As a permanently installed and engineered structure, most of our structures are designed to last well in excess of ten years, subject to appropriate maintenance. If a longer life is required, we can provide a more rigorous specification.

The two most popular fabrics used in external canopy structures are PVC coated polyester and PTFE coated glassfibre.

PVC (poly vinyl chloride) coated polyester is the least expensive material of the two. The PVC coating includes various agents and pigments to help prevent degradation of the “high strength-low stretch” polyester base cloth, and the top coatings are of an especially high quality, to minimise dirt build up, to facilitate cleaning and to maintain the appearance of the fabric for many years. All but the most lightweight fabrics developed for canopy use would have a life expectancy of at least ten years.

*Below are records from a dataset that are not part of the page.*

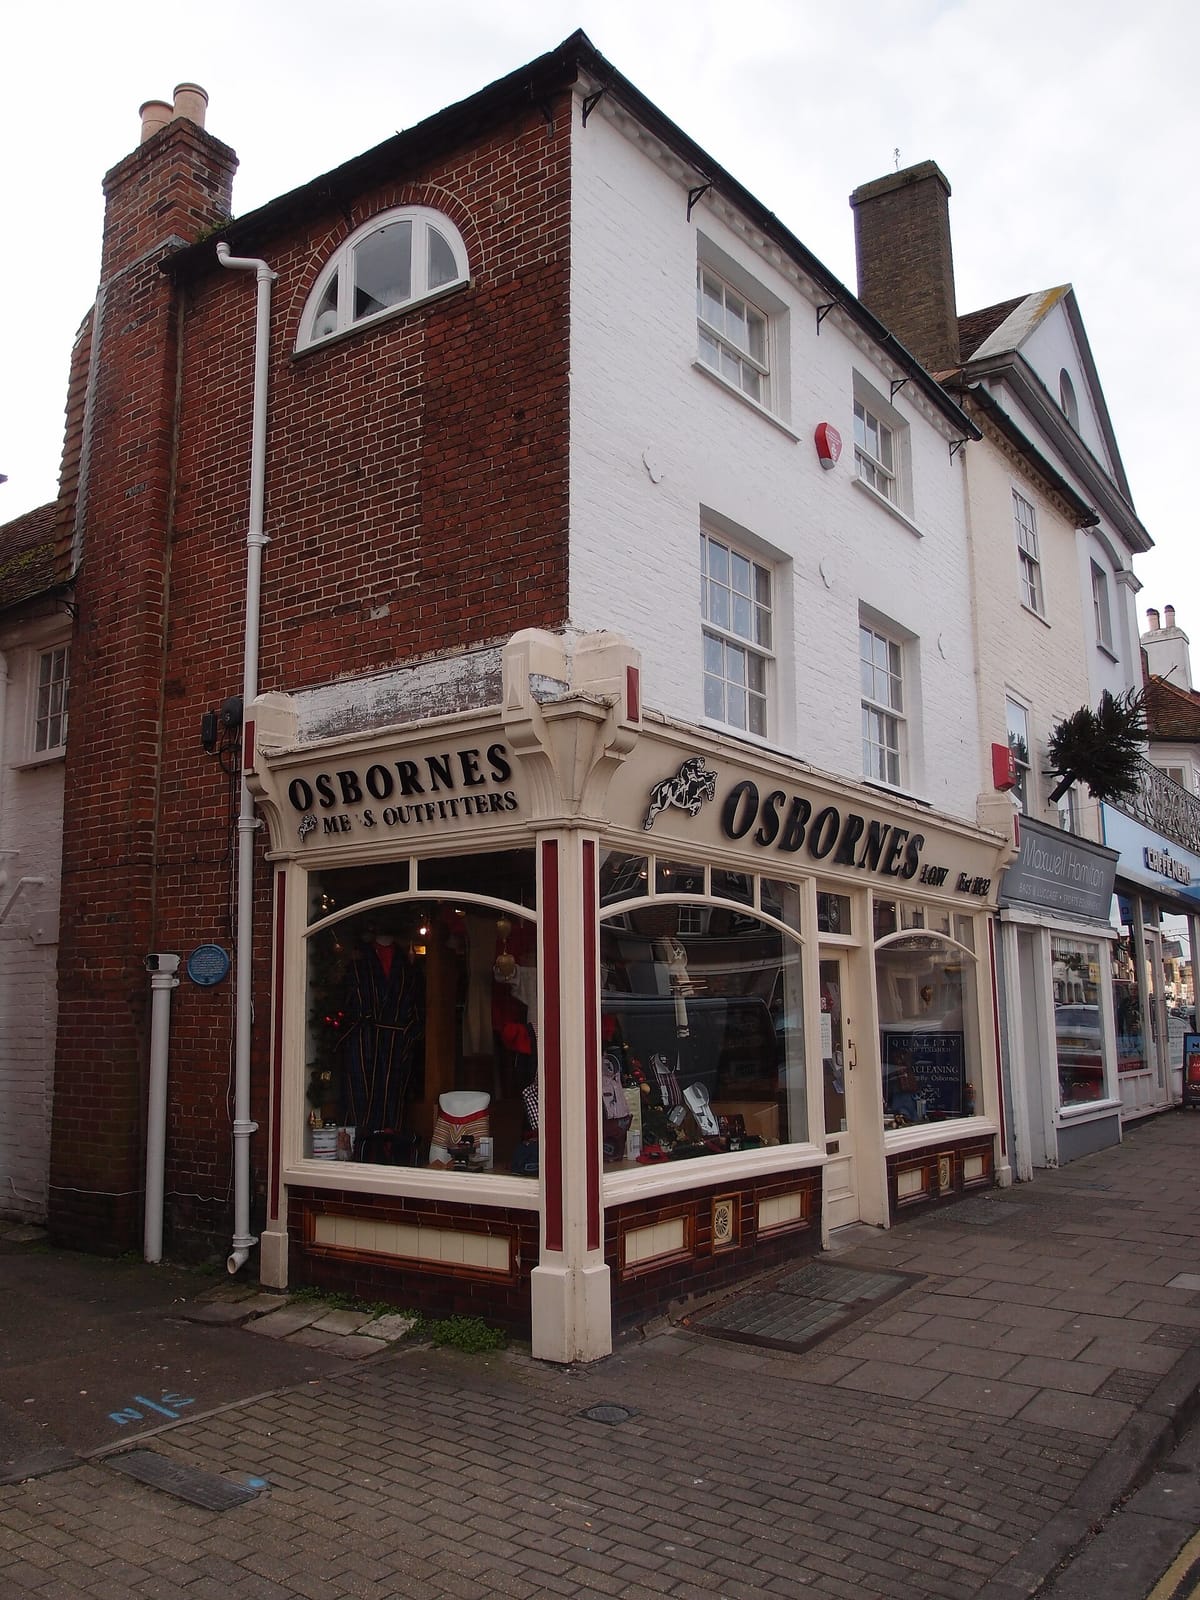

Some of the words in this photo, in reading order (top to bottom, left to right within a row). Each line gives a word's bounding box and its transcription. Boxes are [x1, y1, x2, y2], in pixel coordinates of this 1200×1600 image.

[288, 744, 512, 812] OSBORNES
[383, 791, 519, 827] OUTFITTERS
[721, 780, 927, 880] OSBORNES
[892, 1039, 957, 1048] QUALITY
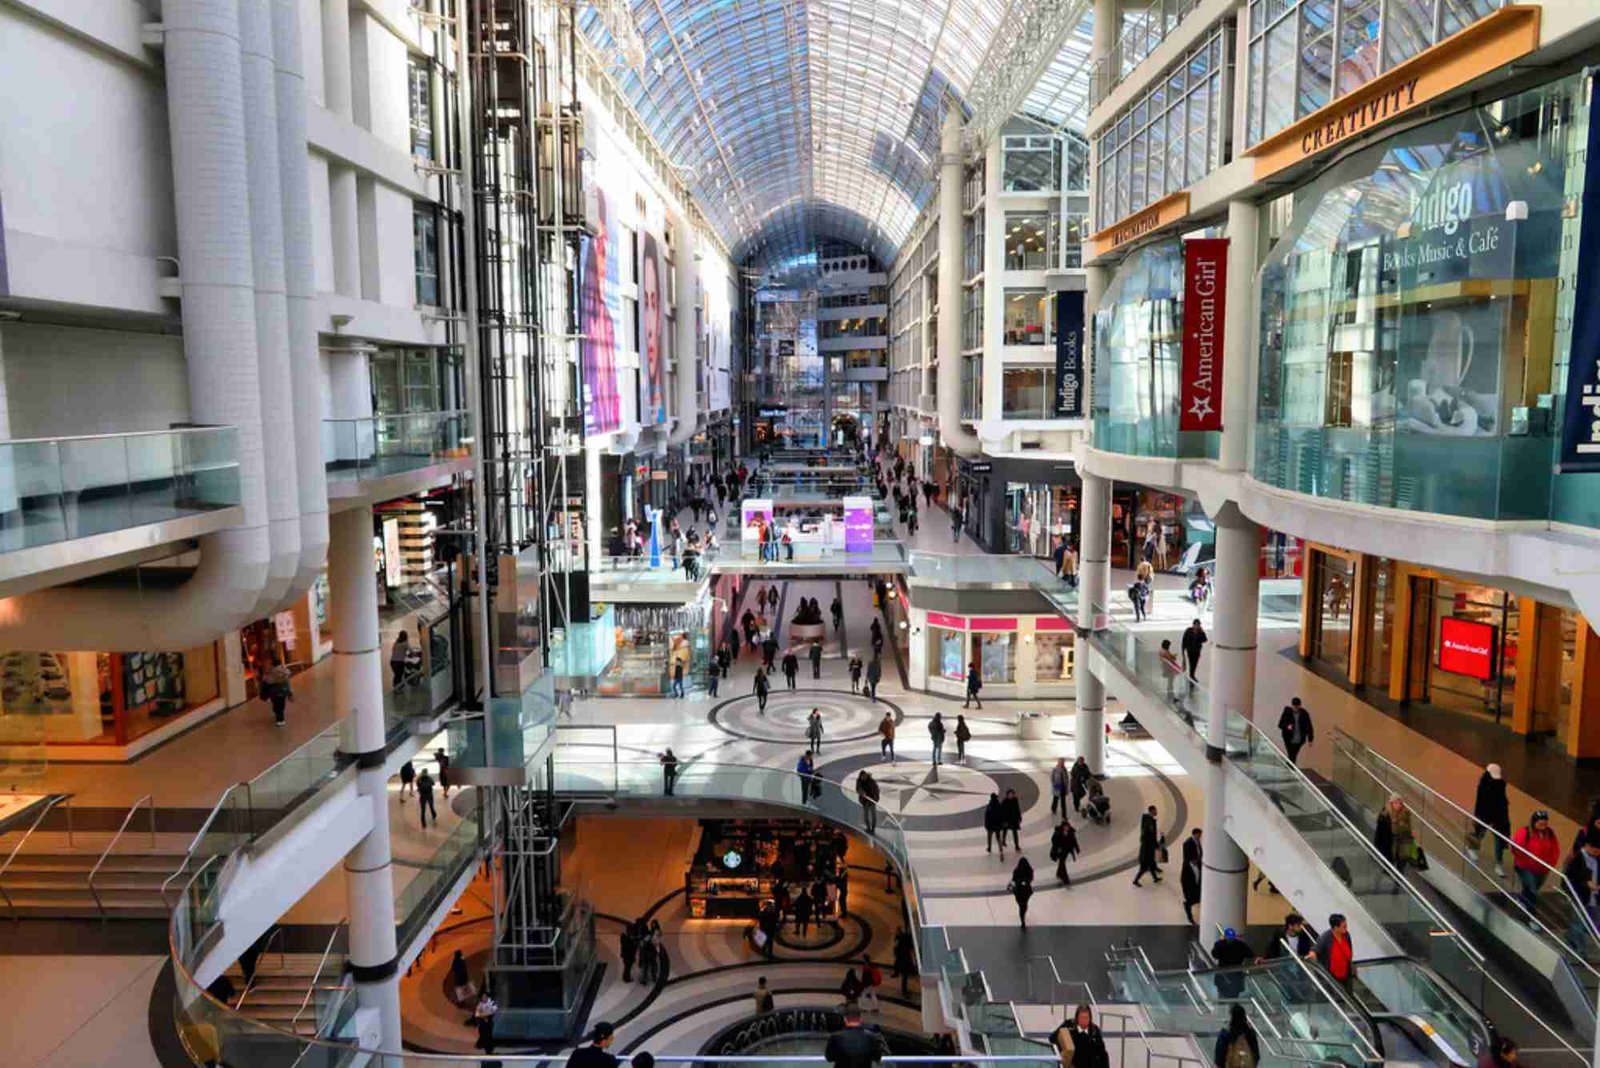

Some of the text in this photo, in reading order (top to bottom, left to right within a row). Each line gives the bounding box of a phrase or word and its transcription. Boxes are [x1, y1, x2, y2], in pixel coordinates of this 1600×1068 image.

[1302, 77, 1419, 154] CREATIVITY
[1418, 241, 1454, 265] Music
[1456, 238, 1468, 258] &
[1469, 227, 1499, 254] Café
[1059, 331, 1079, 411] Indigo Books

PTFE (poly tetra flouro ethylene) coated glassfibre offers a truly long life material. The PTFE coating is resistant to virtually all chemicals, and will not degrade in the harshest of climatic conditions. The material has a life expectancy in excess of 20 years, although there are some structures in this fabric that have been in existence for even longer than this.

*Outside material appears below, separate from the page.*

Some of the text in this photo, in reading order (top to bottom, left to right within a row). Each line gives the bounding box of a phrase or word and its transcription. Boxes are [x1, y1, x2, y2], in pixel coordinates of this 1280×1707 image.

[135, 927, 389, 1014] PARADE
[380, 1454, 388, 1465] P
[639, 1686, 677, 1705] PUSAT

The steel framework is also expected to be highly durable, and this will depend on the finishes applied and on the local environmental conditions, as well as a regular regime of inspection and cleaning. In marine or coastal environments we would always recommend a galvanised finish or stainless steel for maximum durability. Galvanised finishes are extremely durable in their own right, and on thin sheet, the visual appearance is quite striking and attractive. However, on thicker, structural sections, the finish is not always as consistent, so in many cases, a top coat is applied in the form of a polyester powder coating or a wet paint system.

Cables and tensioning accessories for permanent external structures should be stainless steel grade 316. Although this might be subject to a superficial rusting in extremely aggressive or marine conditions, the lifespan for these components is almost unlimited.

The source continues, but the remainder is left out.